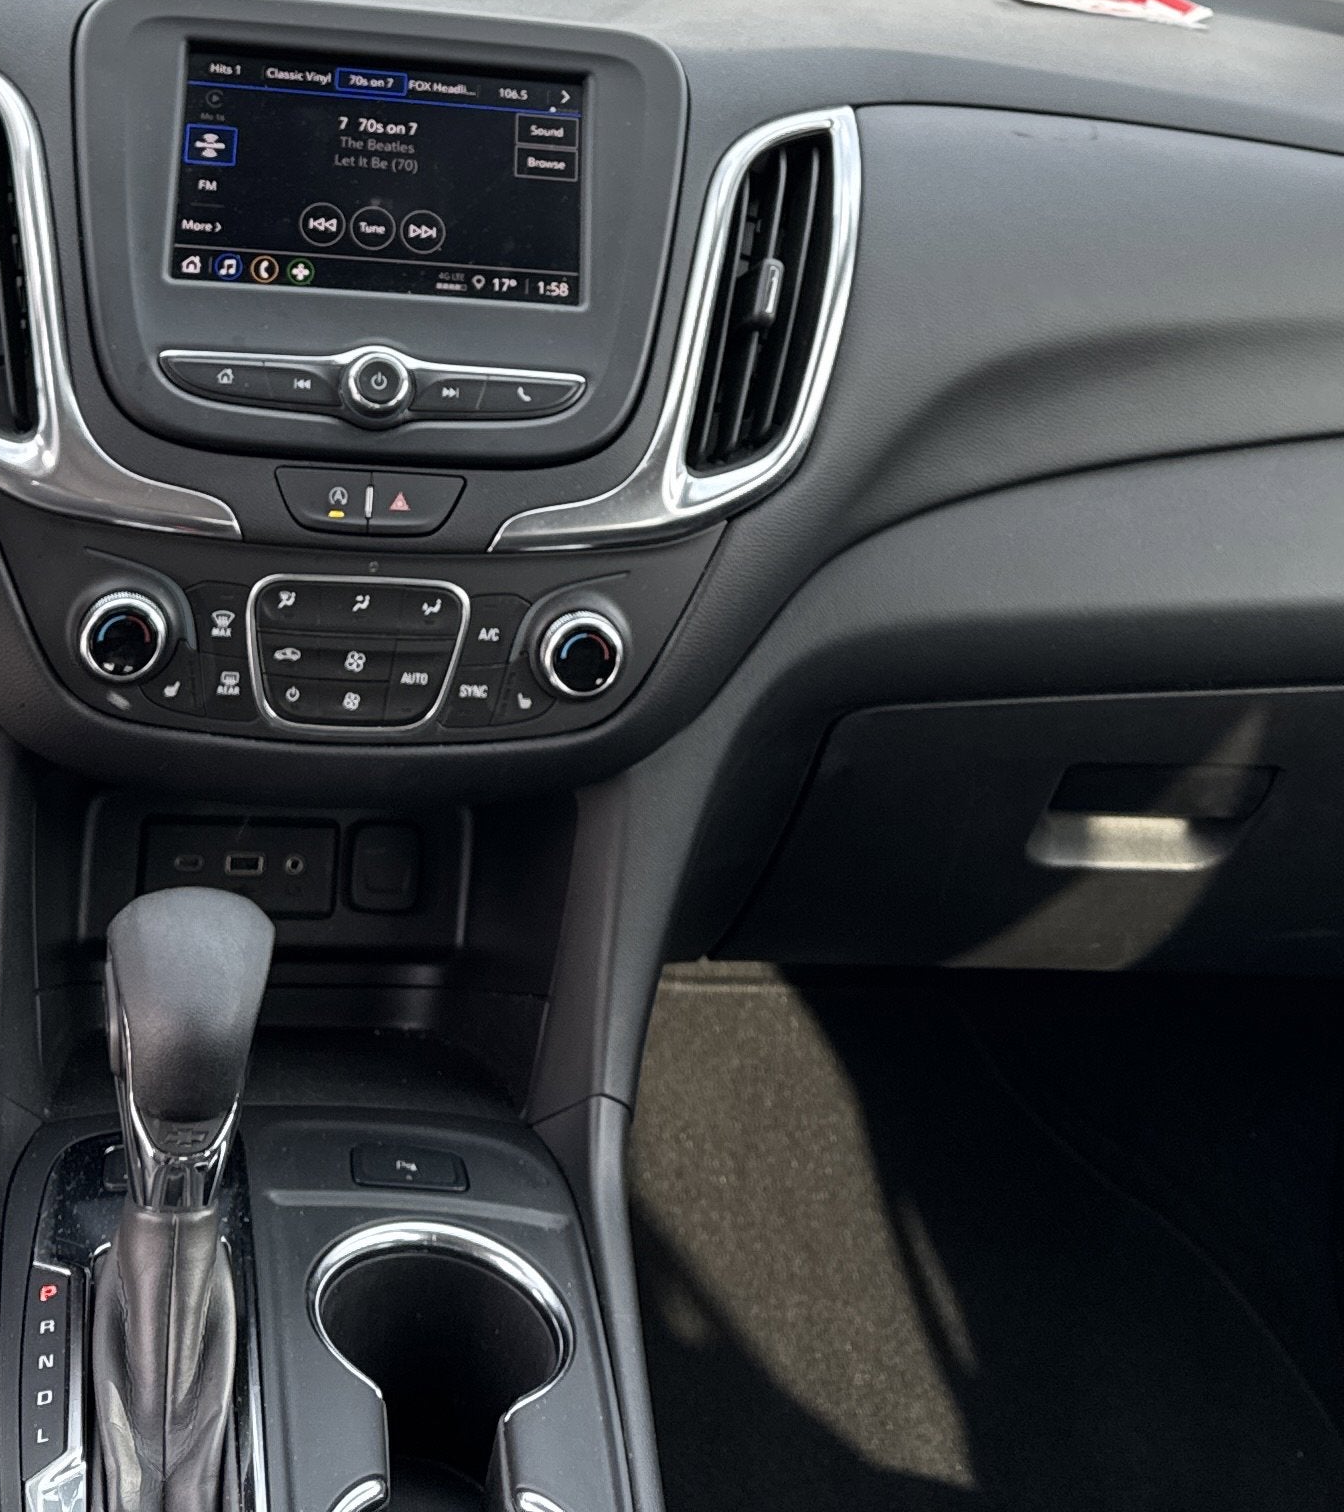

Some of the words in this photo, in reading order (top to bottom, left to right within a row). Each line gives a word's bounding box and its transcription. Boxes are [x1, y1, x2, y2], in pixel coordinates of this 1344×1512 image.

[210, 63, 232, 76] Hits
[235, 64, 241, 76] 1
[266, 67, 302, 82] Classic
[304, 70, 332, 85] Vinyl
[349, 75, 368, 87] 70s
[370, 78, 383, 88] on
[385, 77, 394, 89] 7
[408, 79, 431, 93] FOX
[498, 88, 528, 102] 106.5
[337, 117, 348, 131] 7
[358, 118, 385, 133] 70s
[387, 121, 406, 135] on
[408, 121, 418, 135] 7
[530, 124, 564, 139] Sound
[339, 136, 363, 151] The
[366, 138, 415, 155] Beatles
[334, 154, 355, 168] Let
[358, 155, 368, 169] It
[371, 156, 388, 170] Be
[391, 157, 419, 174] (70)
[527, 156, 566, 171] Browse
[198, 179, 217, 192] FM
[181, 219, 212, 231] More
[359, 220, 386, 234] Tune
[492, 278, 518, 292] 17°
[537, 281, 569, 297] 1:58
[211, 626, 232, 637] MAX
[478, 626, 500, 643] A/C
[400, 672, 428, 685] AUTO
[217, 684, 240, 696] REAR
[459, 684, 488, 698] SYNC
[39, 1284, 57, 1302] P
[39, 1319, 55, 1334] R
[38, 1354, 54, 1369] N
[37, 1390, 53, 1406] D
[36, 1428, 49, 1443] L
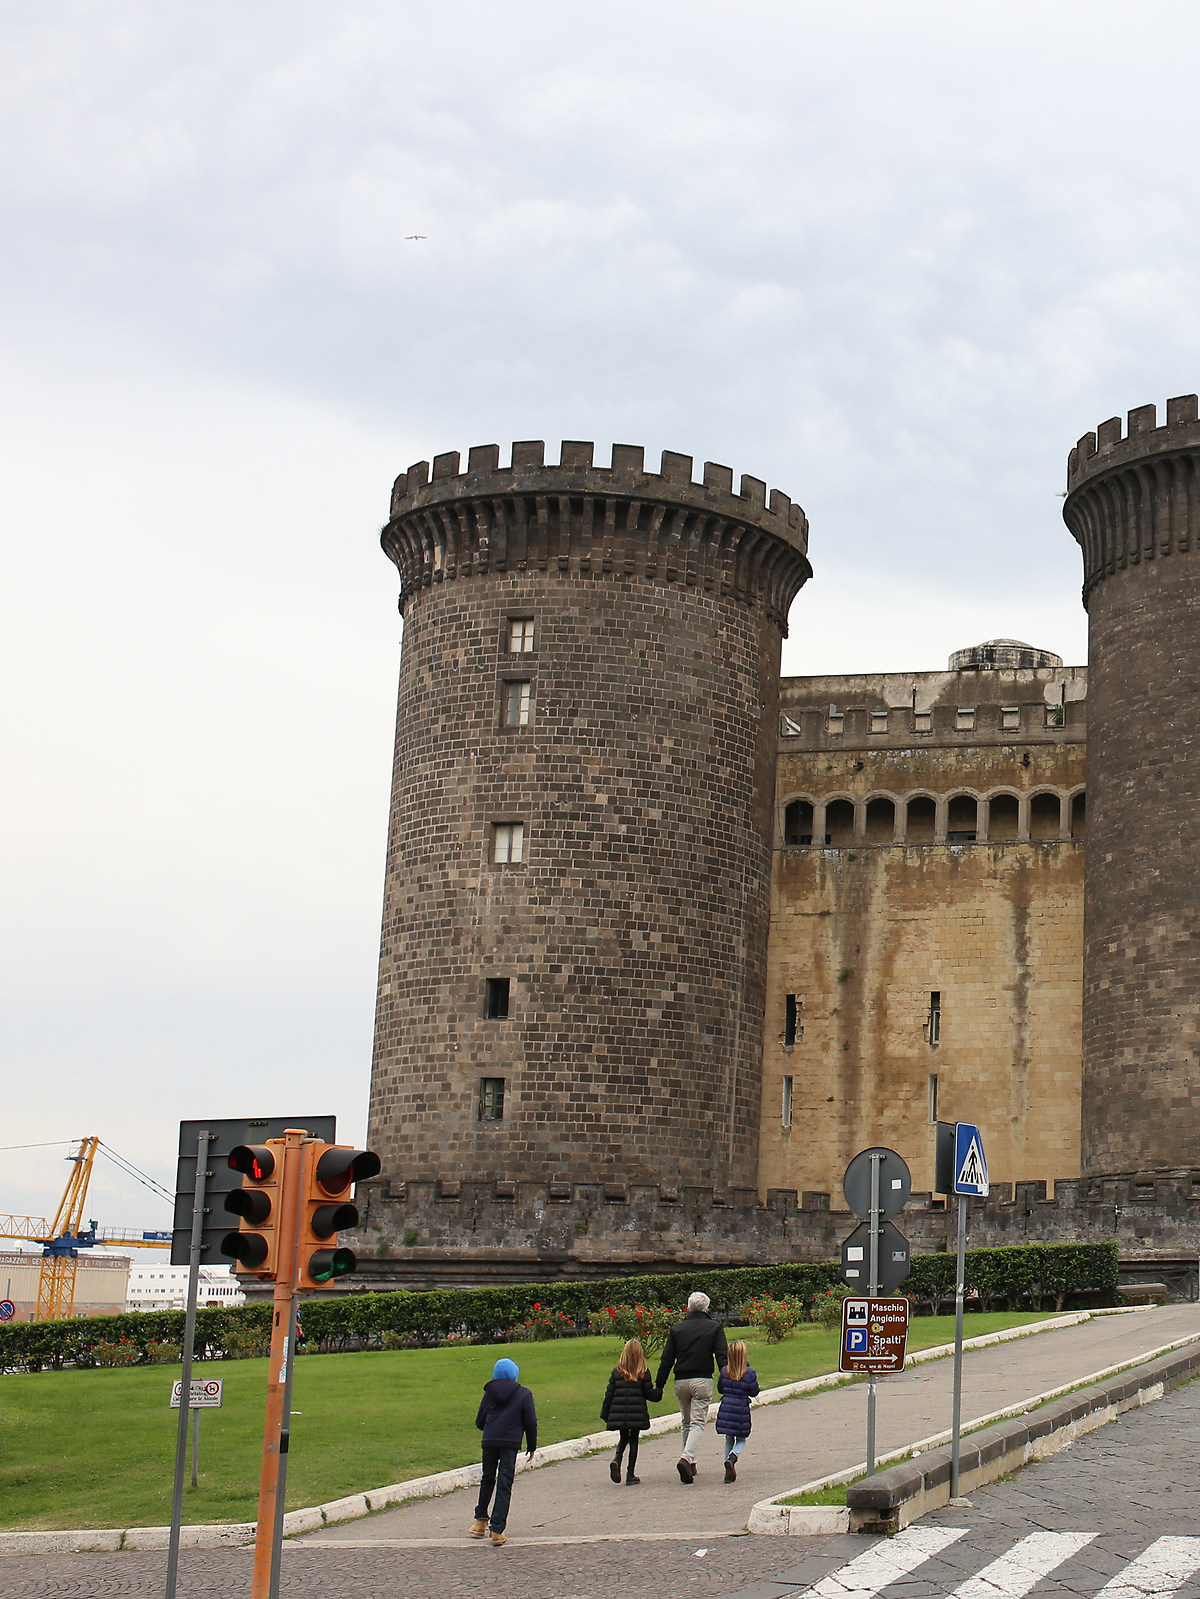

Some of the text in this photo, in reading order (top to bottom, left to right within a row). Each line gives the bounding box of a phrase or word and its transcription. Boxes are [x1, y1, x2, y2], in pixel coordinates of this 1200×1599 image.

[871, 1303, 904, 1312] Maschio
[870, 1314, 905, 1324] Angioino
[851, 1332, 863, 1349] P
[869, 1335, 905, 1346] "Spalti"

════

All the records above need to be given again word for word. Skip the pictures.

Some of the words in this photo, in reading order (top to bottom, left to right within a row). Each line gives a word's bounding box and its transcription. Boxes are [x1, y1, x2, y2], in pixel coordinates of this 1344×1512 image.

[210, 63, 232, 76] Hits
[235, 64, 241, 76] 1
[266, 67, 302, 82] Classic
[304, 70, 332, 85] Vinyl
[349, 75, 368, 87] 70s
[370, 78, 383, 88] on
[385, 77, 394, 89] 7
[408, 79, 431, 93] FOX
[498, 88, 528, 102] 106.5
[337, 117, 348, 131] 7
[358, 118, 385, 133] 70s
[387, 121, 406, 135] on
[408, 121, 418, 135] 7
[530, 124, 564, 139] Sound
[339, 136, 363, 151] The
[366, 138, 415, 155] Beatles
[334, 154, 355, 168] Let
[358, 155, 368, 169] It
[371, 156, 388, 170] Be
[391, 157, 419, 174] (70)
[527, 156, 566, 171] Browse
[198, 179, 217, 192] FM
[181, 219, 212, 231] More
[359, 220, 386, 234] Tune
[492, 278, 518, 292] 17°
[537, 281, 569, 297] 1:58
[211, 626, 232, 637] MAX
[478, 626, 500, 643] A/C
[400, 672, 428, 685] AUTO
[217, 684, 240, 696] REAR
[459, 684, 488, 698] SYNC
[39, 1284, 57, 1302] P
[39, 1319, 55, 1334] R
[38, 1354, 54, 1369] N
[37, 1390, 53, 1406] D
[36, 1428, 49, 1443] L

Some of the text in this photo, in reading order (top to bottom, left to right within a row). Each line gives the bounding box of a phrase or word and its transcription. Boxes are [x1, y1, x2, y2], in pixel coordinates of this 1200×1599 image.

[871, 1303, 904, 1312] Maschio
[870, 1314, 905, 1324] Angioino
[851, 1332, 863, 1349] P
[869, 1335, 905, 1346] "Spalti"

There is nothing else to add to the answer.